### Exercise description
Set every entry down again, unchanged, picture-free.

### Data to use

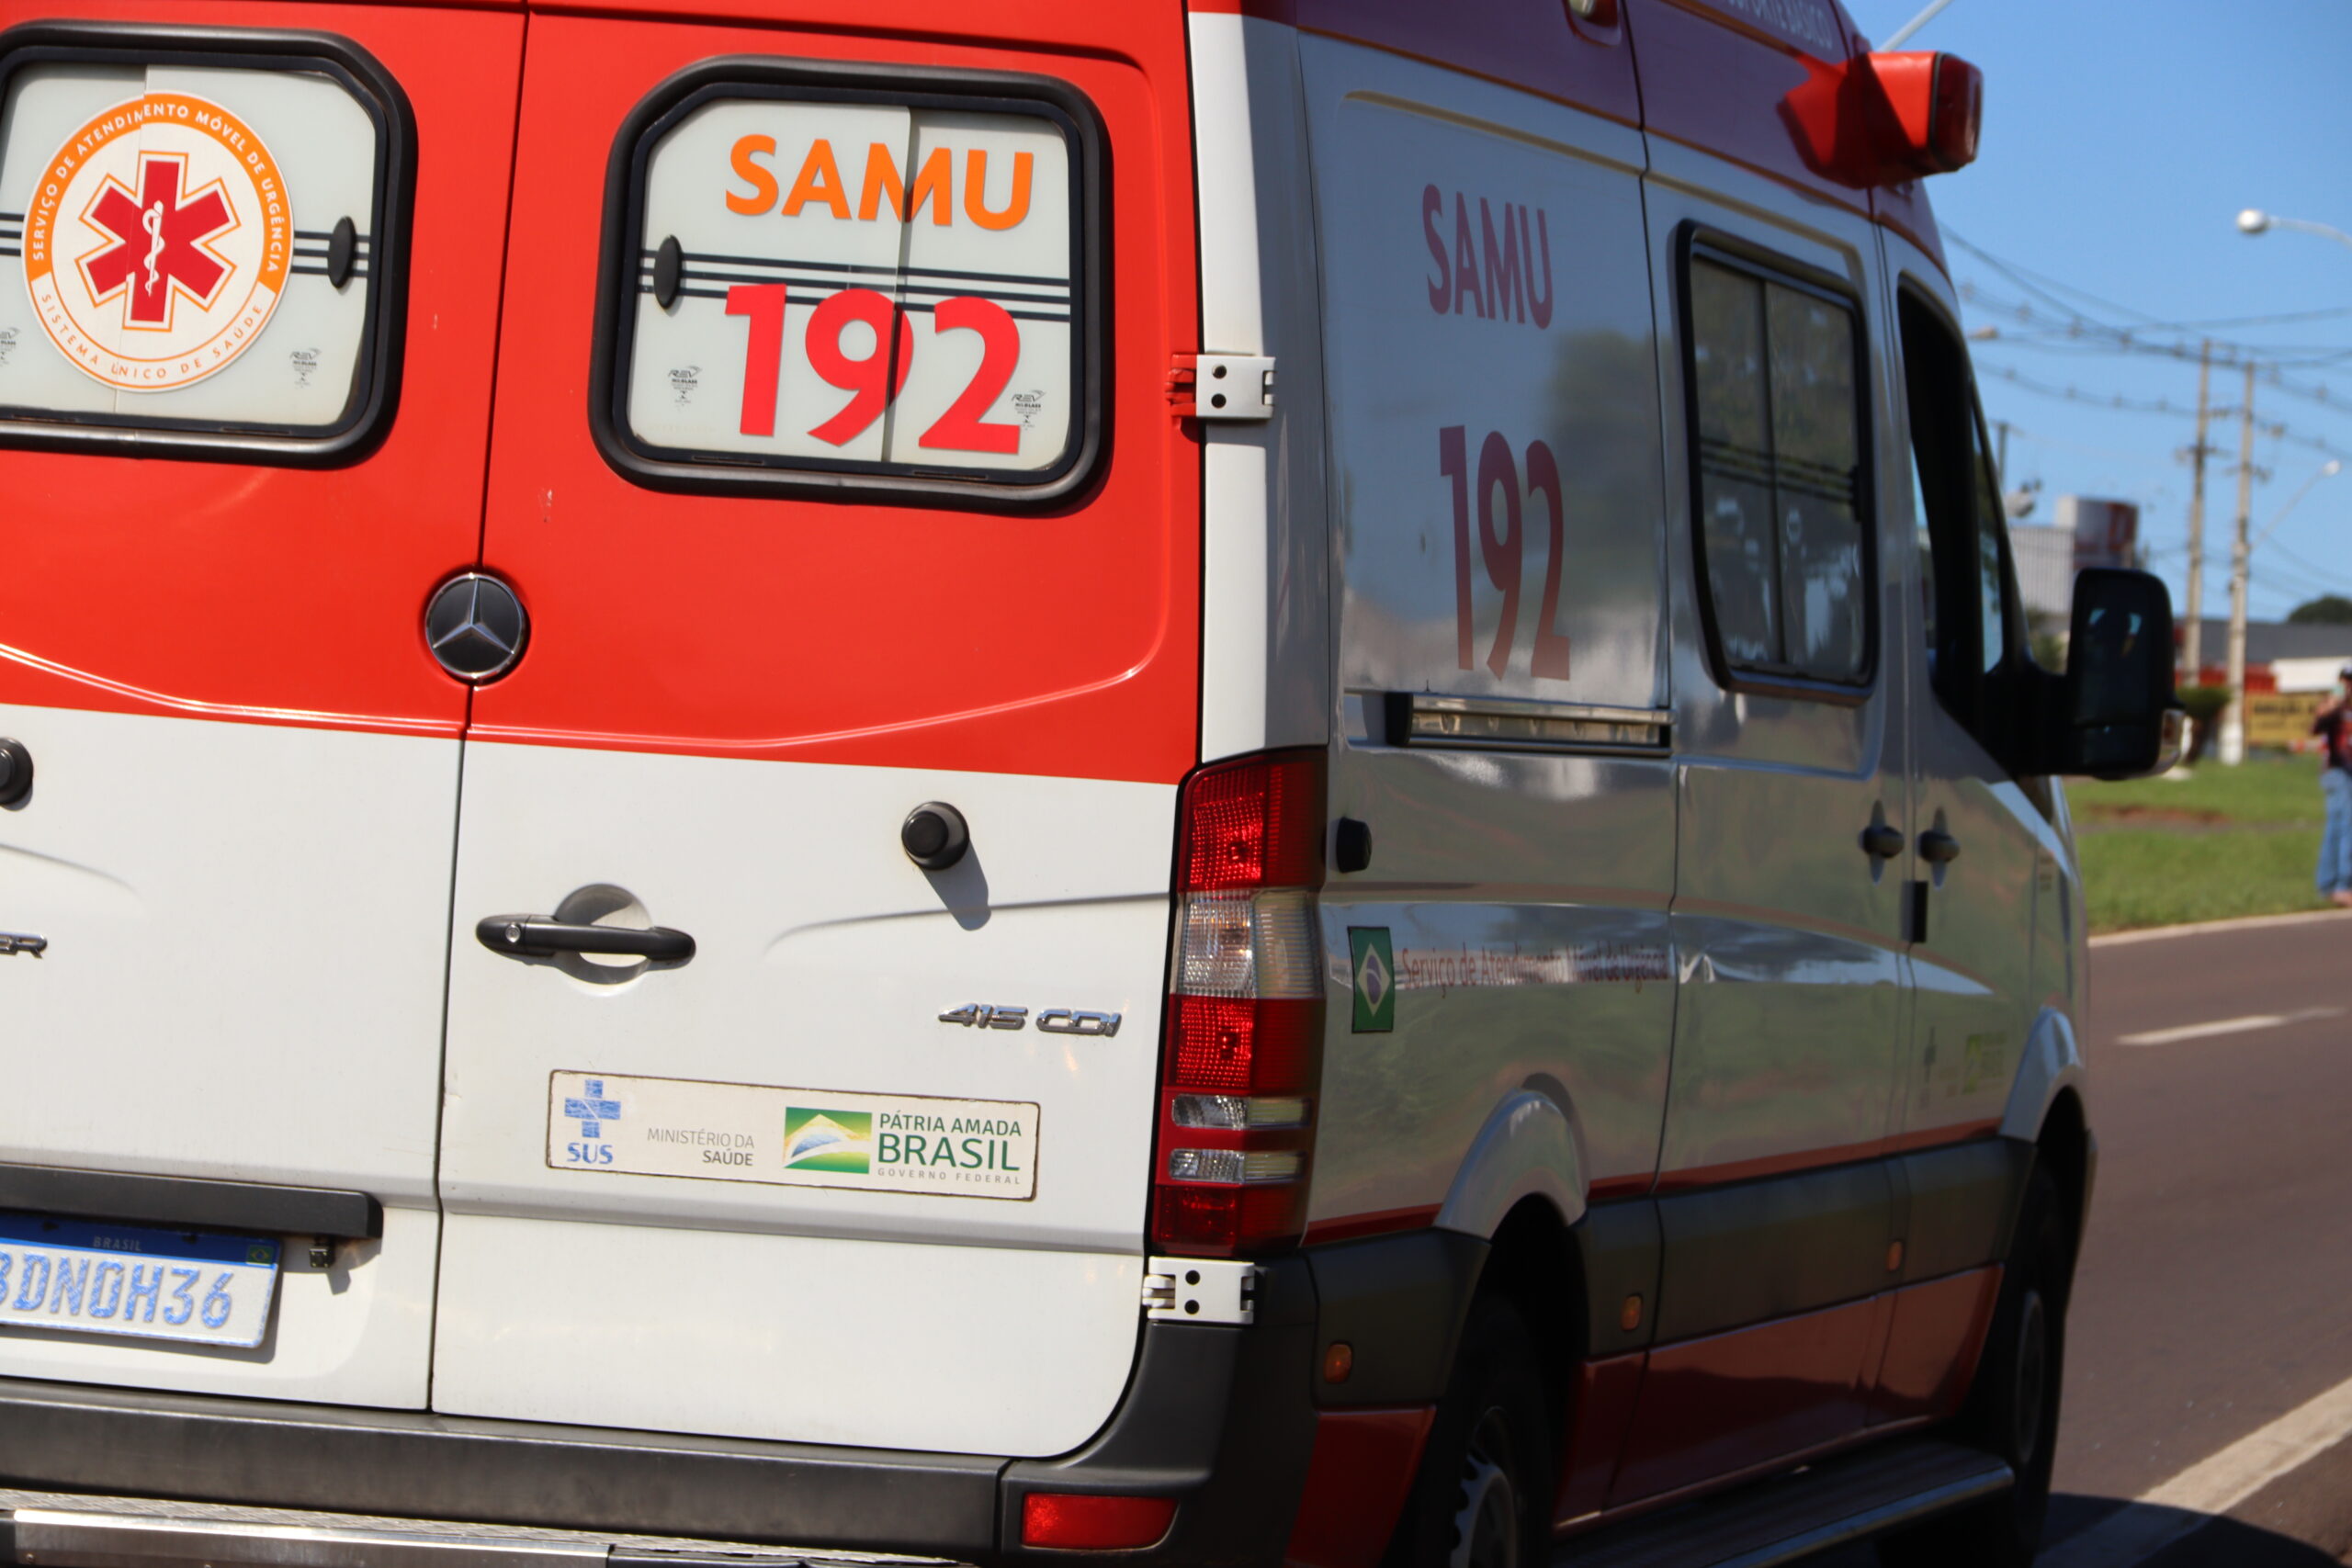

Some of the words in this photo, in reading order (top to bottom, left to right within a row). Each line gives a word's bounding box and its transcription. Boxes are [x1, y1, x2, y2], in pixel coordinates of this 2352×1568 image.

[33, 184, 58, 261] SERVIÇO
[56, 156, 74, 179] DE
[76, 102, 189, 157] ATENDIMENTO
[195, 109, 246, 152] MÓVEL
[246, 151, 266, 175] DE
[725, 133, 1035, 231] SAMU
[1422, 183, 1554, 330] SAMU
[41, 293, 99, 365] SISTEMA
[180, 357, 202, 374] DE
[212, 304, 263, 357] SAÚDE
[724, 283, 1022, 455] 192
[1439, 425, 1570, 682] 192
[1401, 947, 1455, 998] Serviço
[1462, 941, 1476, 987] de
[938, 1003, 1028, 1031] 415
[1035, 1009, 1122, 1038] CDI
[647, 1128, 731, 1146] MINISTÉRIO
[735, 1134, 755, 1148] DA
[879, 1110, 946, 1134] PÁTRIA
[950, 1118, 1022, 1137] AMADA
[567, 1142, 614, 1164] SUS
[702, 1148, 753, 1166] SAÚDE
[877, 1133, 1021, 1171] BRASIL
[877, 1168, 947, 1180] GOVERNO
[956, 1173, 1021, 1185] FEDERAL
[94, 1236, 142, 1251] BRASIL

### Answer to the exercise
Some of the words in this photo, in reading order (top to bottom, left to right within a row). Each line gives a word's bounding box and its transcription. Boxes are [x1, y1, x2, y2], in pixel coordinates of this 2352×1568 image.

[33, 184, 58, 261] SERVIÇO
[56, 156, 74, 179] DE
[76, 102, 189, 157] ATENDIMENTO
[195, 109, 246, 152] MÓVEL
[246, 151, 266, 175] DE
[725, 133, 1035, 231] SAMU
[1422, 183, 1554, 330] SAMU
[41, 293, 99, 365] SISTEMA
[180, 357, 202, 374] DE
[212, 304, 263, 357] SAÚDE
[724, 283, 1022, 455] 192
[1439, 425, 1570, 682] 192
[1401, 947, 1455, 998] Serviço
[1462, 941, 1476, 987] de
[938, 1003, 1028, 1031] 415
[1035, 1009, 1122, 1038] CDI
[647, 1128, 731, 1146] MINISTÉRIO
[735, 1134, 755, 1148] DA
[879, 1110, 946, 1134] PÁTRIA
[950, 1118, 1022, 1137] AMADA
[567, 1142, 614, 1164] SUS
[702, 1148, 753, 1166] SAÚDE
[877, 1133, 1021, 1171] BRASIL
[877, 1168, 947, 1180] GOVERNO
[956, 1173, 1021, 1185] FEDERAL
[94, 1236, 142, 1251] BRASIL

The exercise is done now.